Assignment: The records that follow are to be reproduced exactly. Any pictures in them are left out.
(Source material begins)
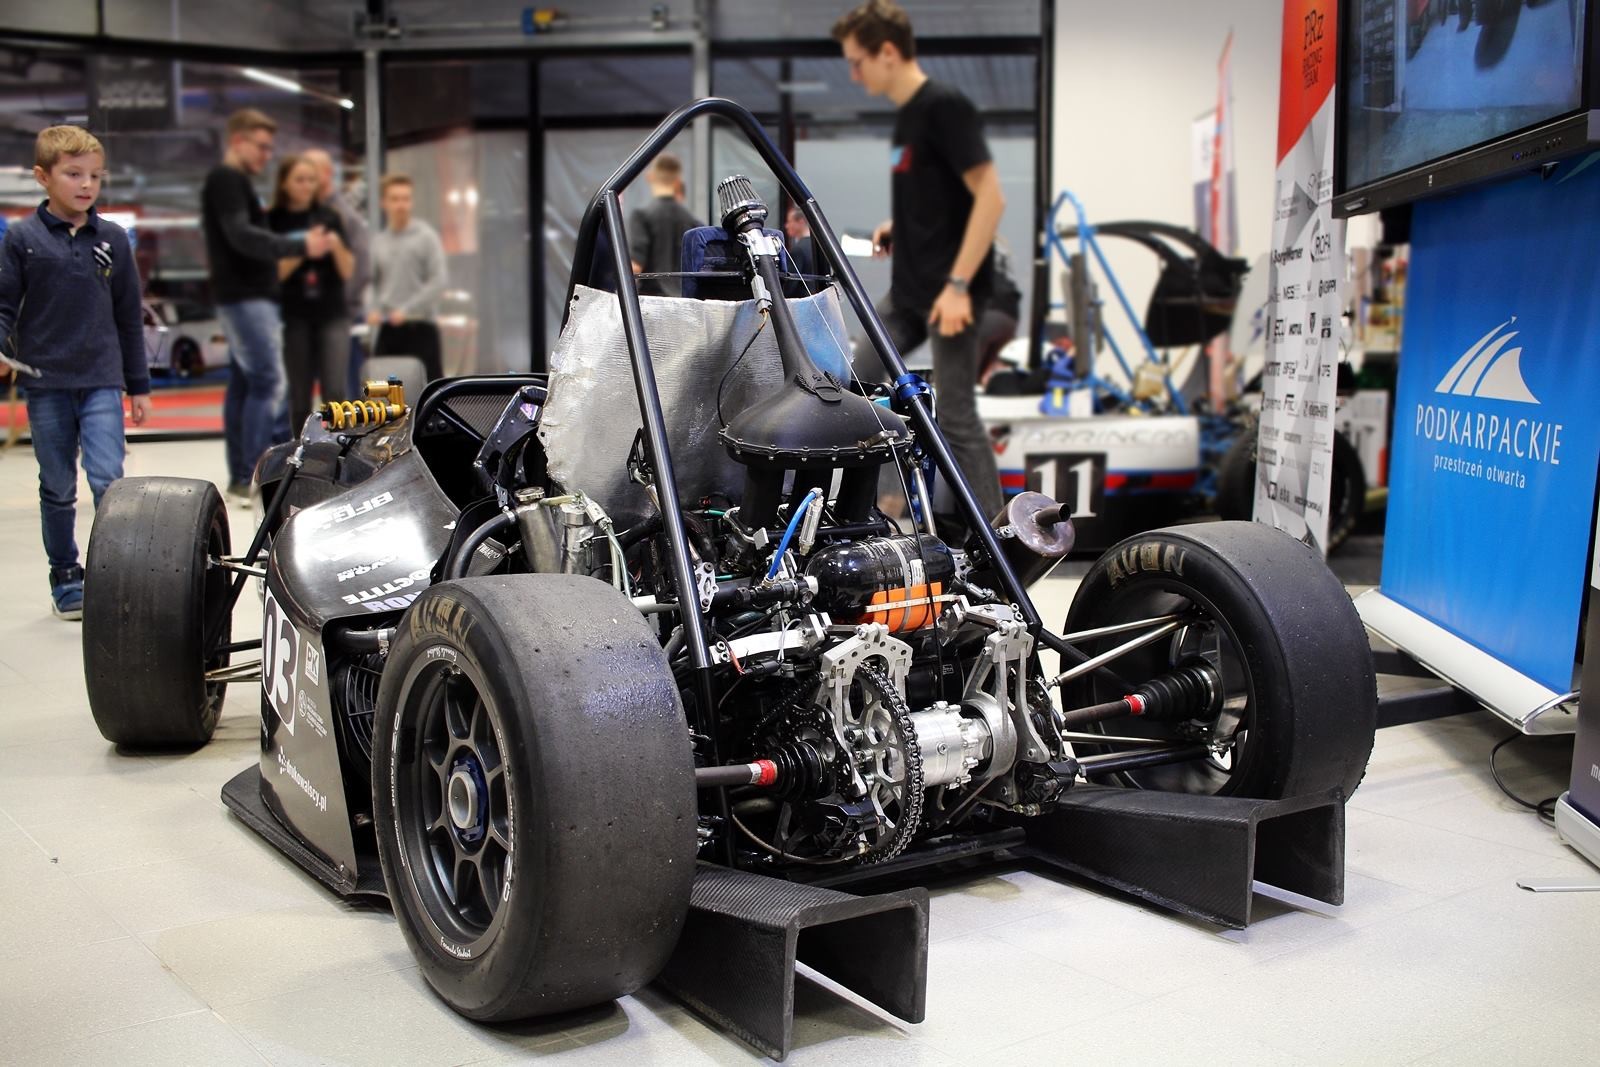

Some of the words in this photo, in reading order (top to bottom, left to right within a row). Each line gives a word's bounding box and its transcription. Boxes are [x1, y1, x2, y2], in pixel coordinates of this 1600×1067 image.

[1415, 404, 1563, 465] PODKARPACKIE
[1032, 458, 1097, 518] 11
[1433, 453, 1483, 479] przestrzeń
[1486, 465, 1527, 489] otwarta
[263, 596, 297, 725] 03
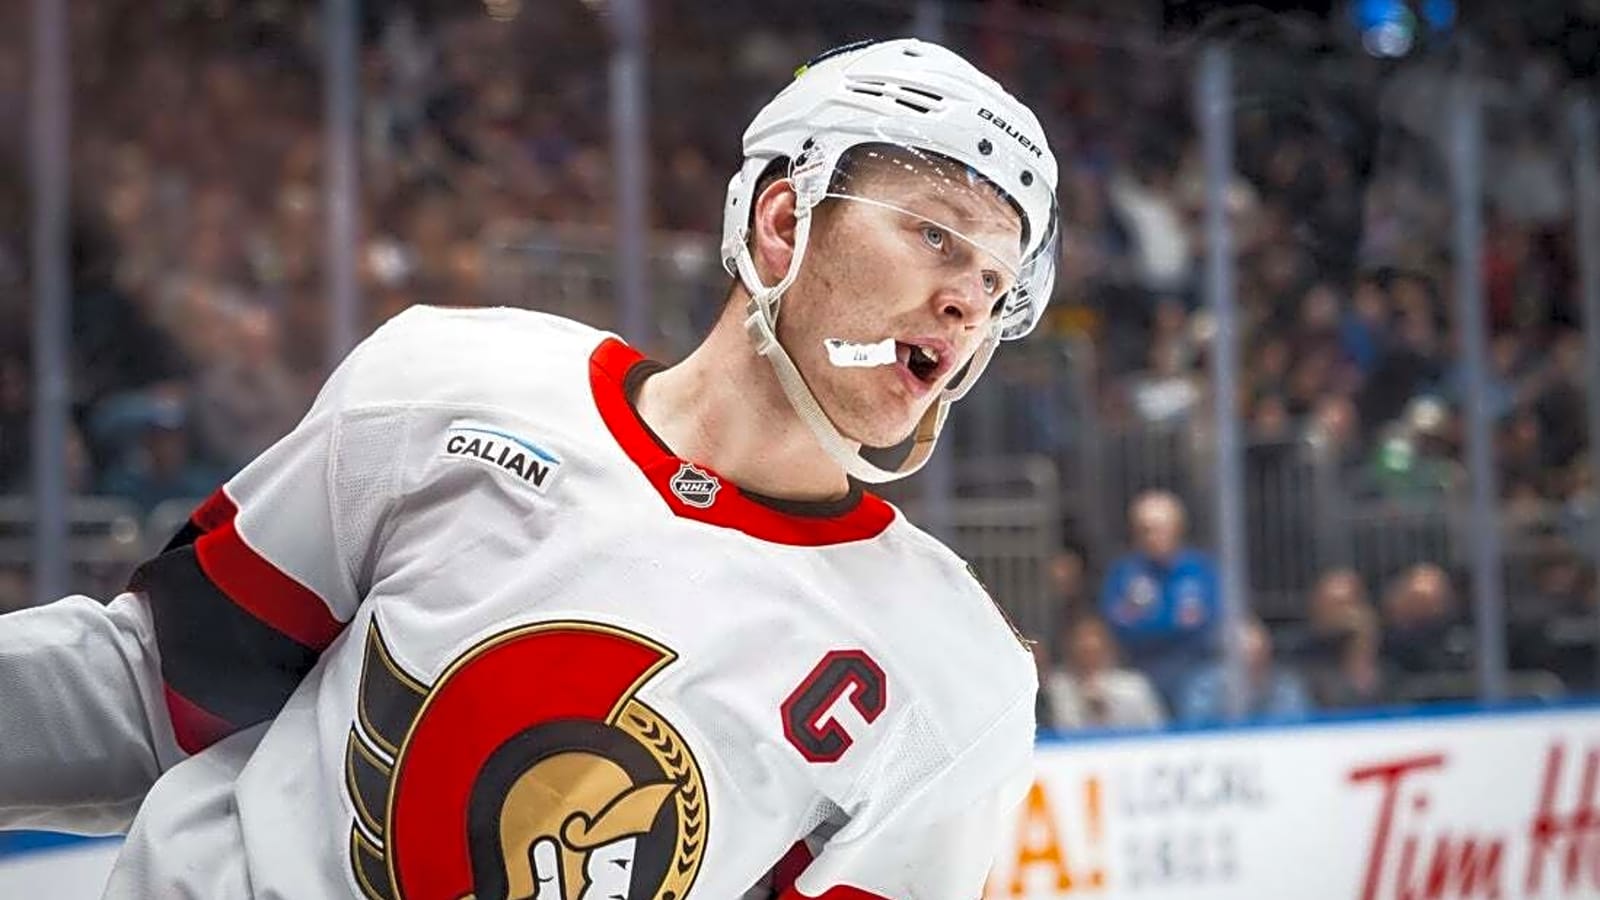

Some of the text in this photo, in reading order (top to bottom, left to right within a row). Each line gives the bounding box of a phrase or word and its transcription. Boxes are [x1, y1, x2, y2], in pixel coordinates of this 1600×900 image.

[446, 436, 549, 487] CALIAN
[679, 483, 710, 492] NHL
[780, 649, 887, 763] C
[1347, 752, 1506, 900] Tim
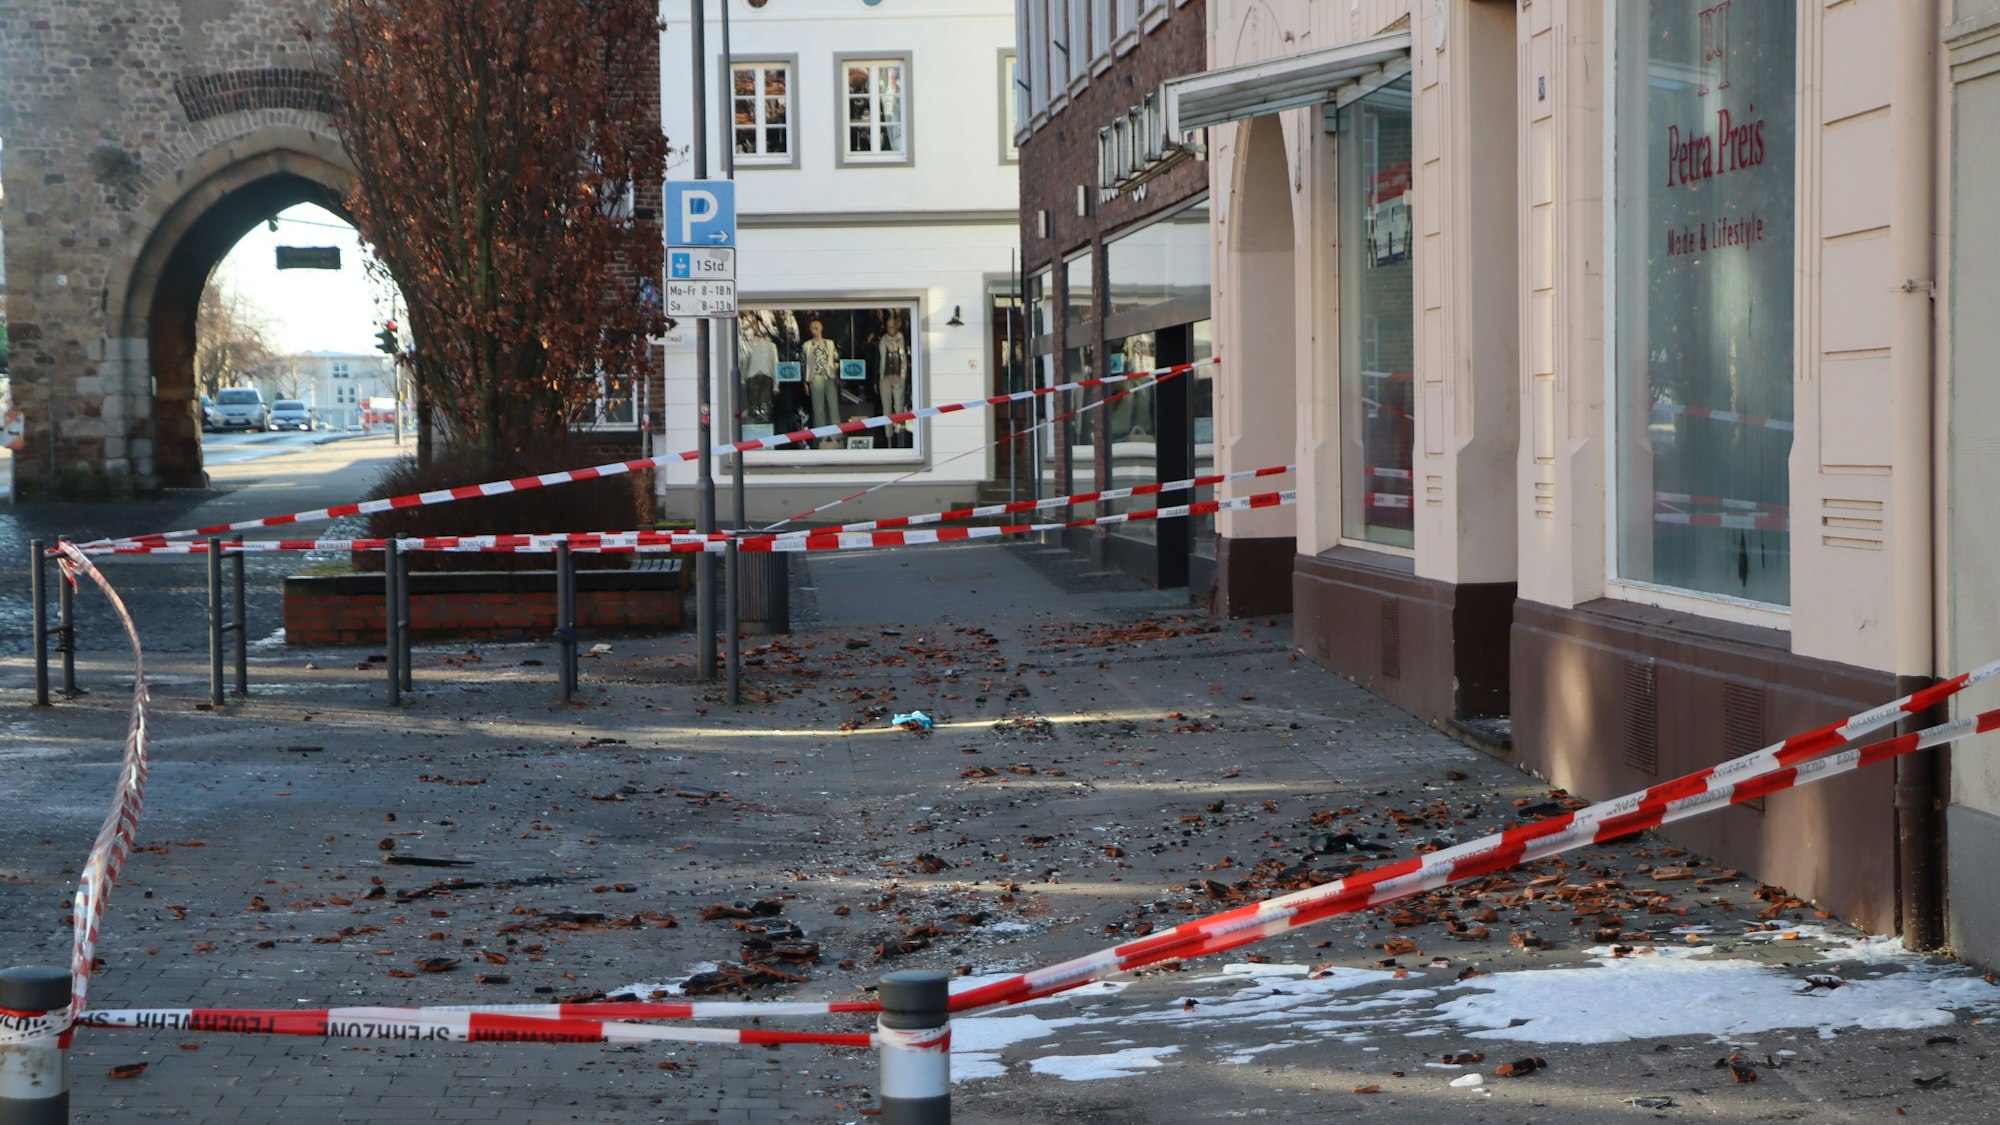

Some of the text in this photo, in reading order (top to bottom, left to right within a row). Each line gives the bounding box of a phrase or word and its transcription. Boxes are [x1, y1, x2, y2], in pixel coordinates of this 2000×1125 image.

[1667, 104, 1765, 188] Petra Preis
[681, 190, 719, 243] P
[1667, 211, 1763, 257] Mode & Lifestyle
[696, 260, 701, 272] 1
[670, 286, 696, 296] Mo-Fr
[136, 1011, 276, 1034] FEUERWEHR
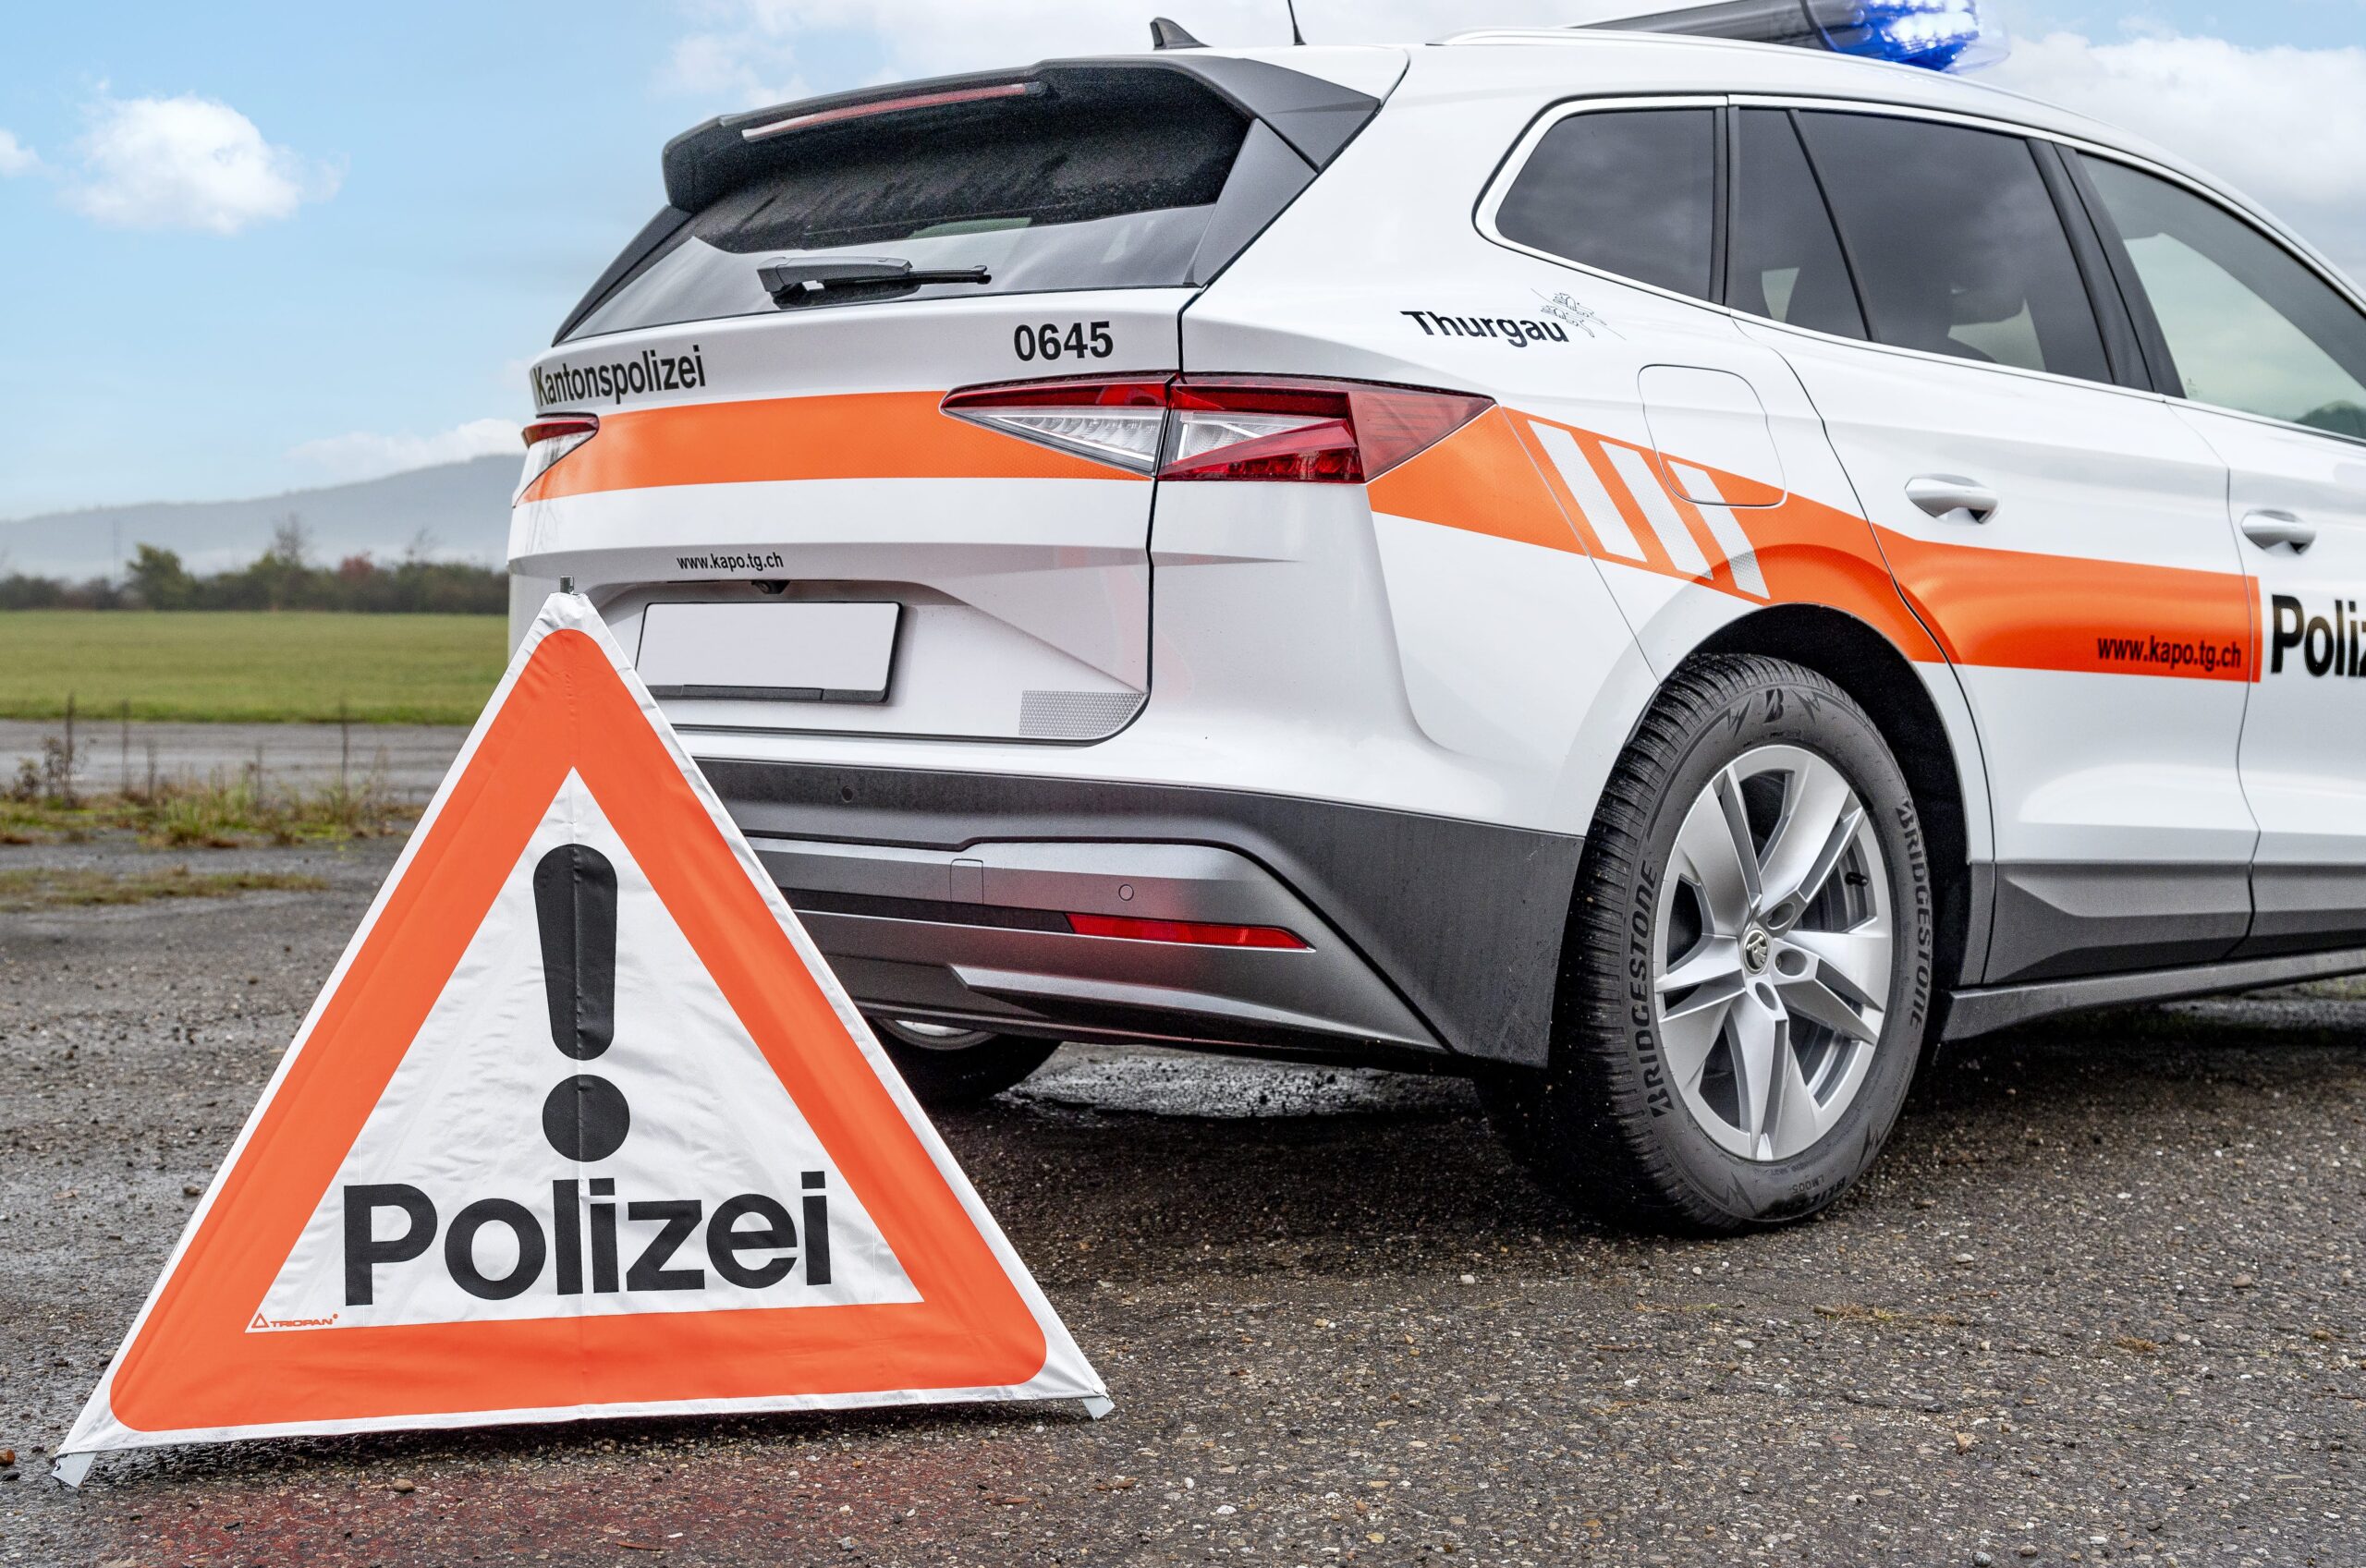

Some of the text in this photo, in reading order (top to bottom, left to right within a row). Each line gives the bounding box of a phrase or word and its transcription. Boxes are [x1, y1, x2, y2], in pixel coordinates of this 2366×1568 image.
(Source material ends)
Output:
Some of the words in this photo, in reading order (top to bottom, left to right within a row). Each line gives a word's bounding box and its transcription. Boxes are [x1, y1, x2, y2], in pixel coordinates of this 1600×1067 image.

[1415, 404, 1563, 465] PODKARPACKIE
[1032, 458, 1097, 518] 11
[1433, 453, 1483, 479] przestrzeń
[1486, 465, 1527, 489] otwarta
[263, 596, 297, 725] 03

Some of the text in this photo, in reading order (top to bottom, left to right within a row). Each line gives the bounding box of a phrase or word and its transcription. Boxes are [x1, y1, x2, y2], in pixel coordinates of this 1600×900 image.

[446, 436, 549, 487] CALIAN
[679, 483, 710, 492] NHL
[780, 649, 887, 763] C
[1347, 752, 1506, 900] Tim

Some of the text in this photo, in reading order (top to bottom, left to right within a row). Each line gives the bounding box of a phrase or word and its transcription. Boxes are [x1, y1, x2, y2], in pixel coordinates of this 2000×1125 image.

[1667, 104, 1765, 188] Petra Preis
[681, 190, 719, 243] P
[1667, 211, 1763, 257] Mode & Lifestyle
[696, 260, 701, 272] 1
[670, 286, 696, 296] Mo-Fr
[136, 1011, 276, 1034] FEUERWEHR

Some of the text in this photo, in reading order (top to bottom, left to right within a row). Each line gives the bounding box of a phrase or word and its transcription. Boxes are [x1, y1, x2, y2], in pixel coordinates of this 2366×1568 image.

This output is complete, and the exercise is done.